Journal of General Internal Medicine

, Volume 25, Issue 2, pp 115–121

Erectile Dysfunction Drug Receipt, Risky Sexual Behavior and Sexually Transmitted Diseases in HIV-infected and HIV-uninfected Men

  • Robert L. Cook
  • Kathleen A. McGinnis
  • Jeffrey H. Samet
  • David A. Fiellin
  • Maria C. Rodriquez-Barradas
  • Kevin L. Kraemer
  • Cynthia L. Gibert
  • R. Scott Braithwaite
  • Joseph L. Goulet
  • Kristin Mattocks
  • Stephen Crystal
  • Adam J. Gordon
  • Krisann K. Oursler
  • Amy C. Justice
Original Article



Health care providers may be concerned that prescribing erectile dysfunction drugs (EDD) will contribute to risky sexual behavior.

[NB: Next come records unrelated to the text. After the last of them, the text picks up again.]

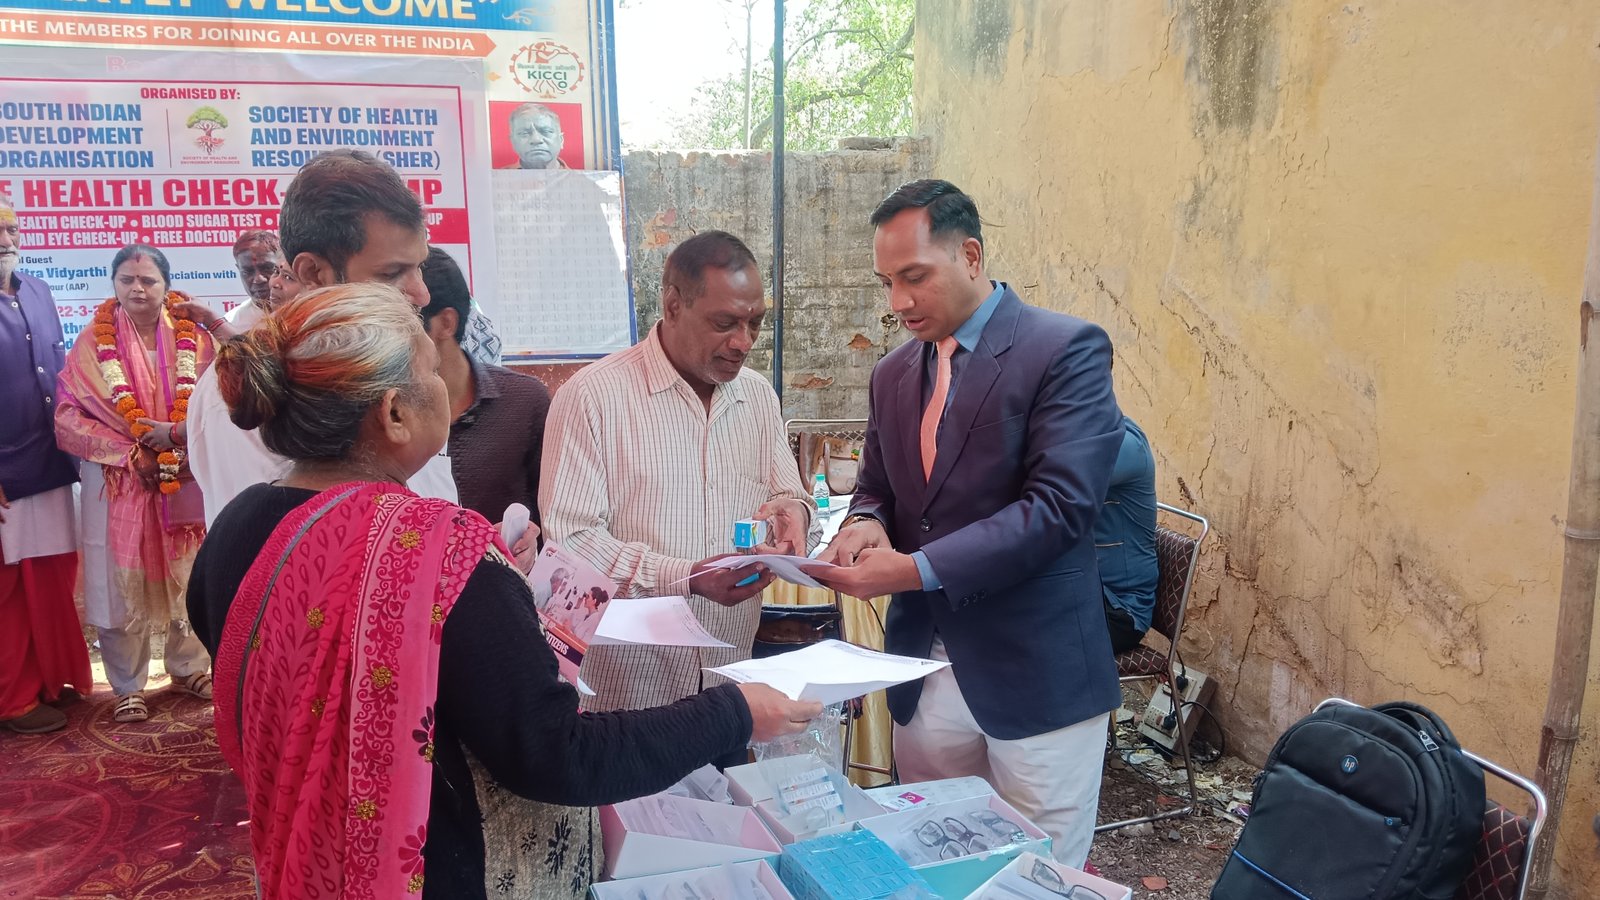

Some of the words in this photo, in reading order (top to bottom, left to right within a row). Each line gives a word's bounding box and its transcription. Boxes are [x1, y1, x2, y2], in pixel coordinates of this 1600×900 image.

[0, 18, 38, 34] THE
[45, 21, 147, 38] MEMBERS
[153, 26, 192, 40] FOR
[198, 27, 280, 43] JOINING
[286, 30, 321, 45] ALL
[326, 32, 376, 47] OVER
[381, 35, 417, 49] THE
[422, 36, 475, 50] INDIA
[527, 70, 567, 81] KICCI
[140, 87, 217, 100] ORGANISED
[219, 88, 241, 100] BY:
[0, 102, 62, 120] OUTH
[67, 103, 142, 121] INDIAN
[248, 105, 332, 124] SOCIETY
[337, 107, 362, 124] OF
[366, 107, 438, 126] HEALTH
[250, 128, 292, 145] AND
[296, 128, 435, 147] ENVIRONMENT
[23, 179, 153, 207] HEALTH
[162, 178, 285, 207] CHECK-
[60, 215, 126, 229] CHECK-UP
[142, 214, 184, 228] BLOOD
[186, 214, 230, 228] SUGAR
[231, 213, 262, 227] TEST
[20, 232, 46, 247] AND
[48, 232, 71, 246] EYE
[72, 231, 138, 245] CHECK-UP
[153, 230, 183, 244] FREE
[185, 229, 238, 243] DOCTOR
[25, 255, 53, 264] Guest
[46, 266, 107, 280] Vidyarthi
[170, 270, 211, 280] ociation
[213, 270, 237, 279] with
[65, 283, 89, 291] (AAP)
[1344, 757, 1356, 772] hp

To identify characteristics of men who received EDD prescriptions, determine whether EDD receipt is associated with risky sexual behavior and sexually transmitted diseases (STDs), and determine whether these relationships vary for certain sub-groups.


Cross-sectional study.


Two thousand seven hundred and eighty-seven sexually-active, HIV-infected and HIV-uninfected men recruited from eight Veterans Health Affairs outpatient clinics. Data were obtained from participant surveys, electronic medical records, and administrative pharmacy data.

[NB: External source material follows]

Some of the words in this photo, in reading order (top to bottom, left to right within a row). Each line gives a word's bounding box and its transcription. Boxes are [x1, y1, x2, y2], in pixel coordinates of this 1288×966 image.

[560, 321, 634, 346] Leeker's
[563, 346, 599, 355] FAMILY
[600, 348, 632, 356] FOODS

EDD receipt was defined as two or more prescriptions for an EDD, risky sex as having unprotected sex with a partner of serodiscordant or unknown HIV status, and STDs, according to self-report.


Overall, 28% of men received EDD in the previous year. Eleven percent of men reported unprotected sex with a serodiscordant/unknown partner in the past year (HIV-infected 15%, HIV-uninfected 6%, P < 0.001). Compared to men who did not receive EDD, men who received EDD were equally likely to report risky sexual behavior (11% vs. 10%, p = 0.9) and STDs (7% vs 7%, p = 0.7). In multivariate analyses, EDD receipt was not significantly associated with risky sexual behavior or STDs in the entire sample or in subgroups of substance users or men who had sex with men.


EDD receipt was common but not associated with risky sexual behavior or STDs in this sample of HIV-infected and uninfected men. However, risky sexual behaviors persist in a minority of HIV-infected men, indicating ongoing need for prevention interventions.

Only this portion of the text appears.